Kerkük’te gerilim neden arttı, Kürt ve Türkmen liderler son gelişmeleri nasıl yorumladı?
Irak’ın kuzeyindeki Kerkük kentinde ordunun kontrolündeki bir binanın Kürdistan Demokrat Partisi’ne (KDP) devredilmesi karşısında 2017 yılından bu yana başlayan protestolarda 4 Kürt gösterici öldü, 3’ü polis 15 kişi yaralandı. yaralı. İkisi Kürdistan Yurtsever Birlik Partisi’ne (KYB) üye olan göstericilerin güvenlik güçlerinin açtığı ateş sonucu hayatını kaybettiği açıklandı.
Kerkük Valisi Rakan Said el-Juburi, Müşterek Harekat Komutanlığı güçlerinin kullandığı binanın KDP’ye devredilmesi kararının ertelendiğini ve göstericilerin protestolarına son verdiğini duyurdu.
Kerkük’te yaşanan olayların ardından ilan edilen 24 saatlik sokağa çıkma yasağı kaldırıldı ve kapatılan Erbil-Kerkük yolu trafiğe açıldı.
Olaylar nasıl başladı, bina neden önemli?
Irak Kürdistan Bölgesel Yönetimi’ne (KBY) bağlı Peşmerge güçleri, 2014 yılında Irak İslam Devleti (IŞİD)’in ortaya çıkmasından sonra Kerkük’te Irak ordusunun boşalttığı üslere konuşlanmış ve 3 yıl boyunca fiilen şehrin kontrolünü ele geçirmişti. yıllar.
IKBY’nin 25 Eylül 2017’de gerçekleştirdiği bağımsızlık referandumunun ardından merkezi hükümete bağlı güçler 16 Ekim 2017’de Kerkük’e girerek kentteki Peşmerge varlığına son vermişti.

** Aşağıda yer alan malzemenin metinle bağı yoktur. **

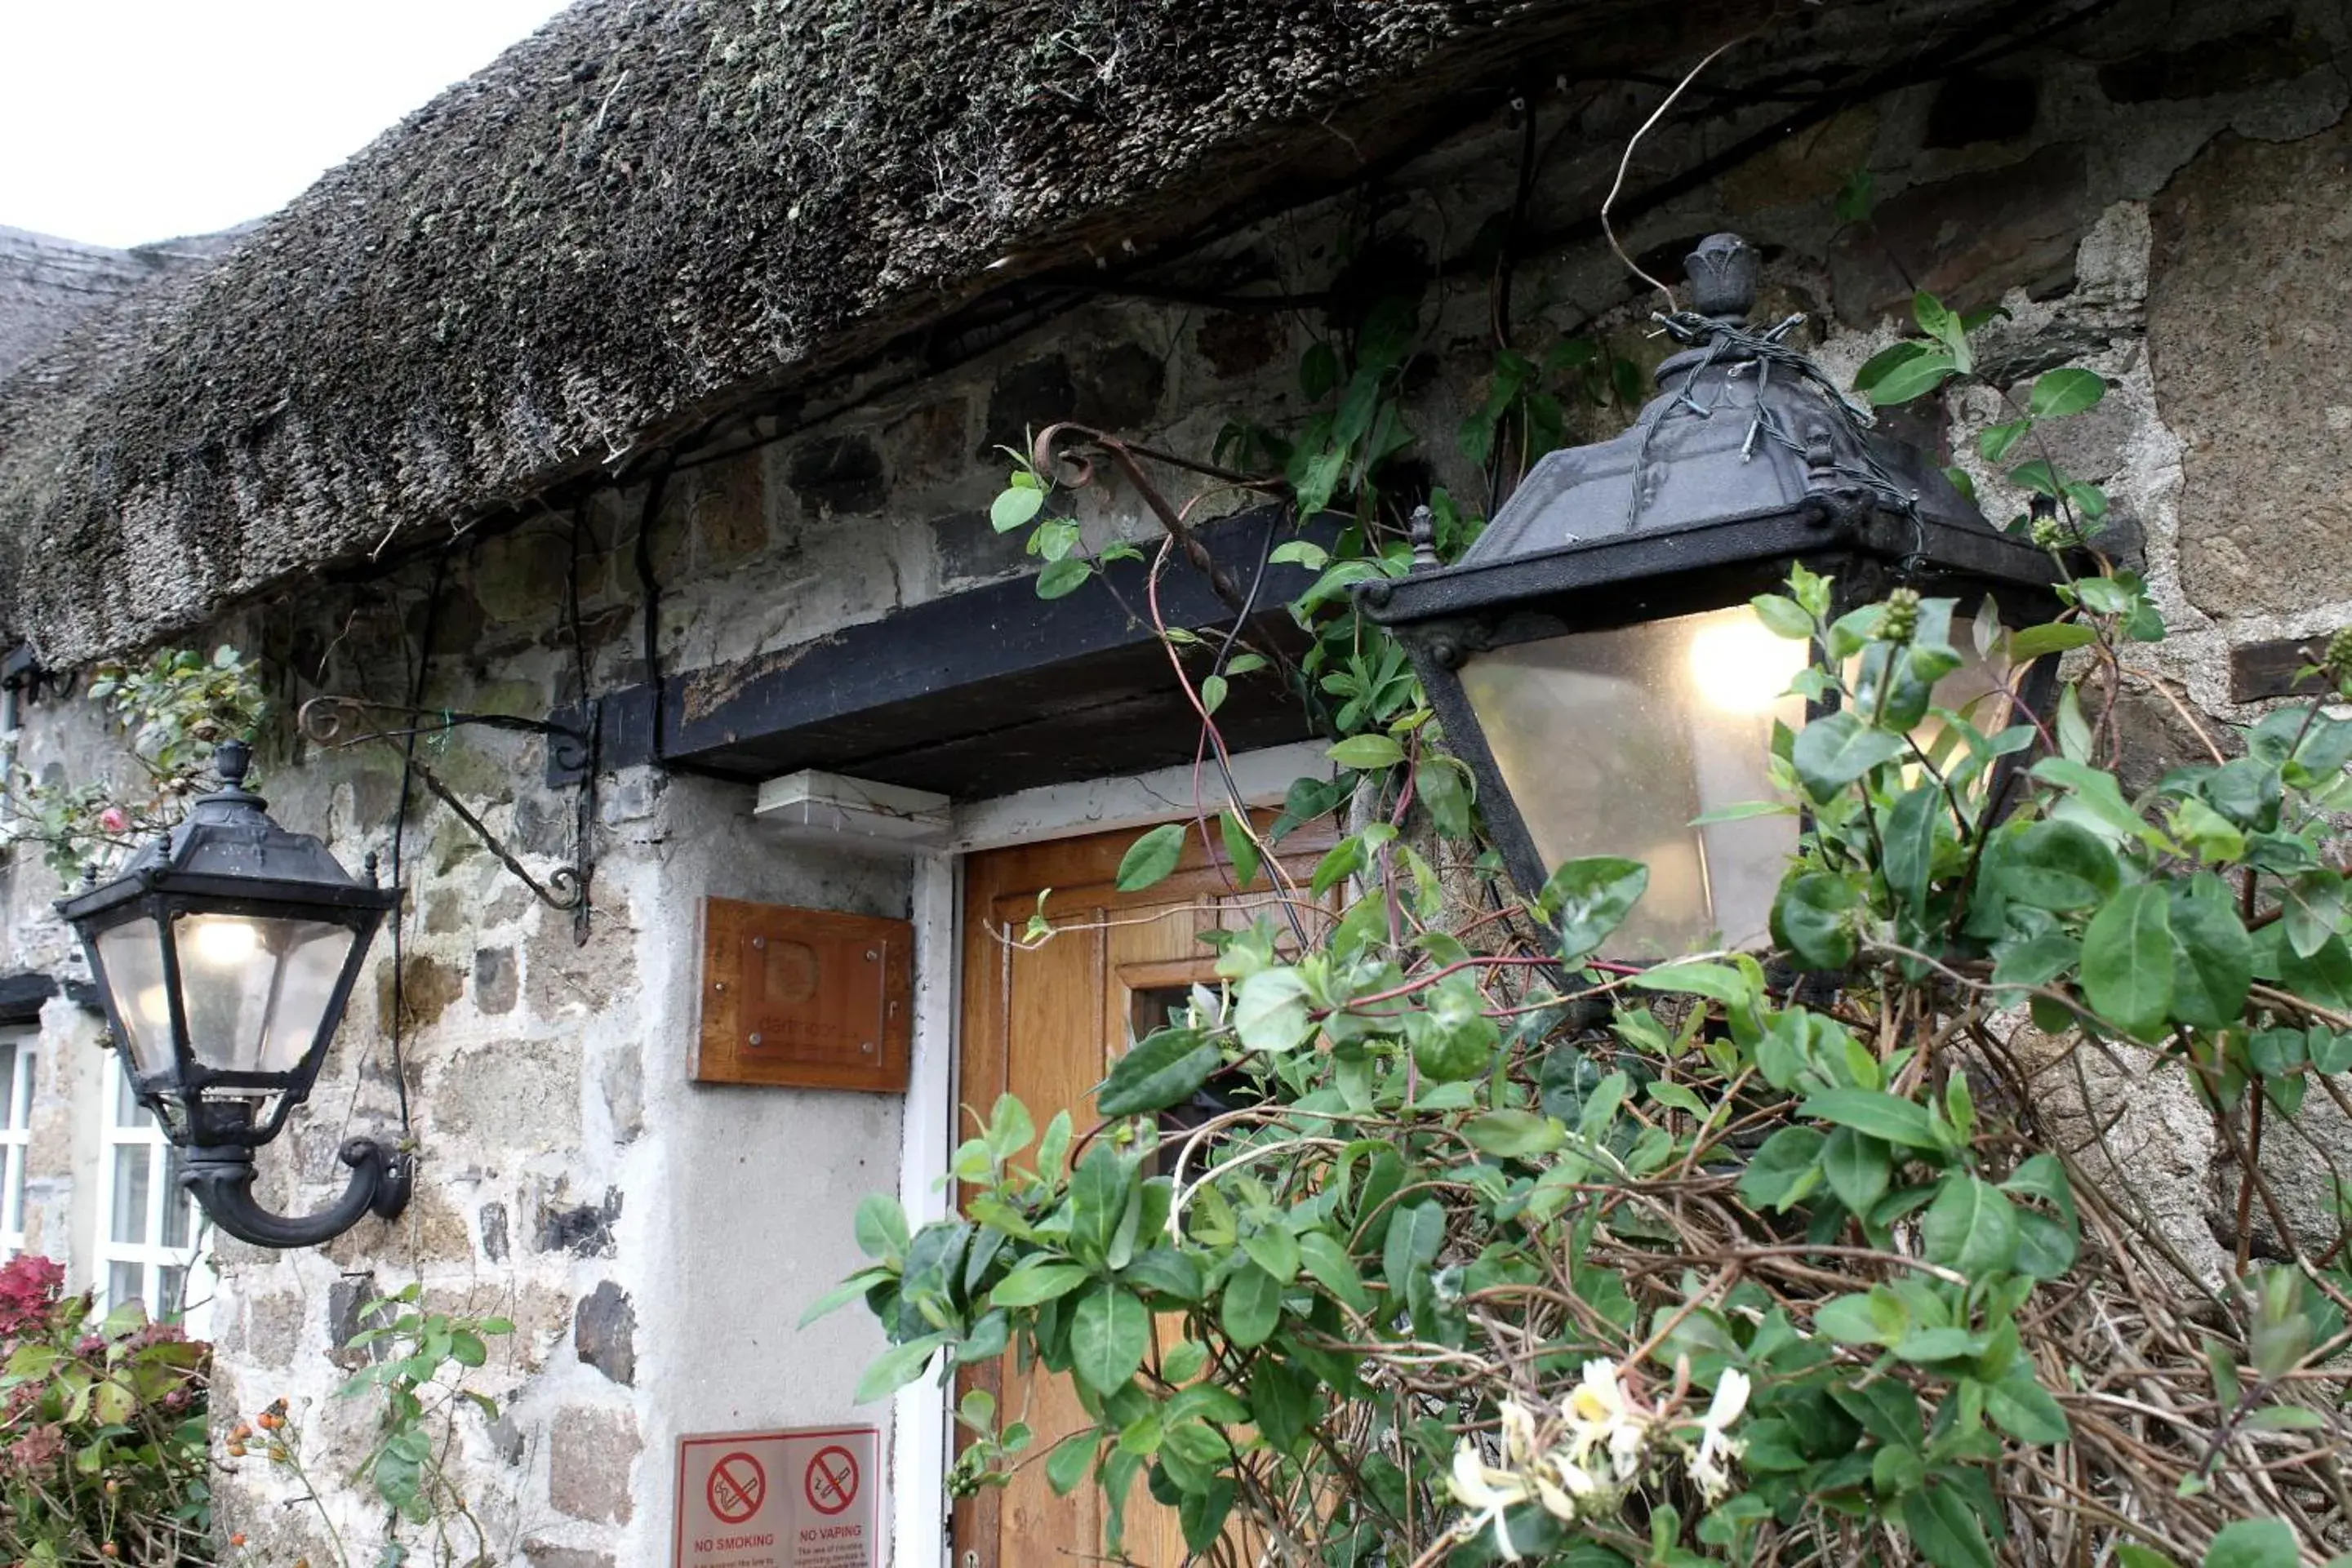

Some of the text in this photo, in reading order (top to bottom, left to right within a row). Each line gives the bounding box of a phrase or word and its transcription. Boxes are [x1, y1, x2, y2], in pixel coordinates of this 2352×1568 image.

[799, 1525, 862, 1542] NO VAPING
[694, 1534, 774, 1552] NO SMOKING

Irak ordusu, KDP binasını boşaltarak Kerkük Harekat Komutanlığı karargahına dönüştürdü.
KDP, binanın daha önce parti tarafından kullanıldığını ve partiye geri verilmesini talep etti.
Irak Başbakanı Muhammed Şii el Sudani, 18 Mayıs’ta yapılacak yerel seçimler öncesinde çoğunluğu Şii savaşçılardan oluşan ordu ve birliklerinin kullandığı binanın KDP’ye devredilmesi talimatını vermişti.
Bina, Kürtlerin ağırlıklı olarak yaşadığı Seydere İlçesi’nde yer alıyor.
Es-Sudani’nin Kerkük’teki kararını protesto eden gösteriler 25 Ağustos’ta başladı. Haşdi Şabi birlikleri, KDP güçlerinin geri dönmesini engellemek için binanın önüne çadır kurarak Kerkük-Erbil otoyolunu trafiğe kapattı.
Irak’taki Kürt basını gösteriler için Kerkük bölgesi, başkent Bağdat ve Diyala’dan Arapların kente getirildiğini iddia etti.
Cumartesi günü kentte gösteriler düzenlemeye başlayan Kürtler, Haşdi Şabi’nin genel merkez binası önünde kurulan çadıra doğru yürüyüşe geçti. Güvenlik güçleri Kürt göstericilere ateş açtı. Ateş açanların Haşdi Şabi milisleri olduğu iddia edildi.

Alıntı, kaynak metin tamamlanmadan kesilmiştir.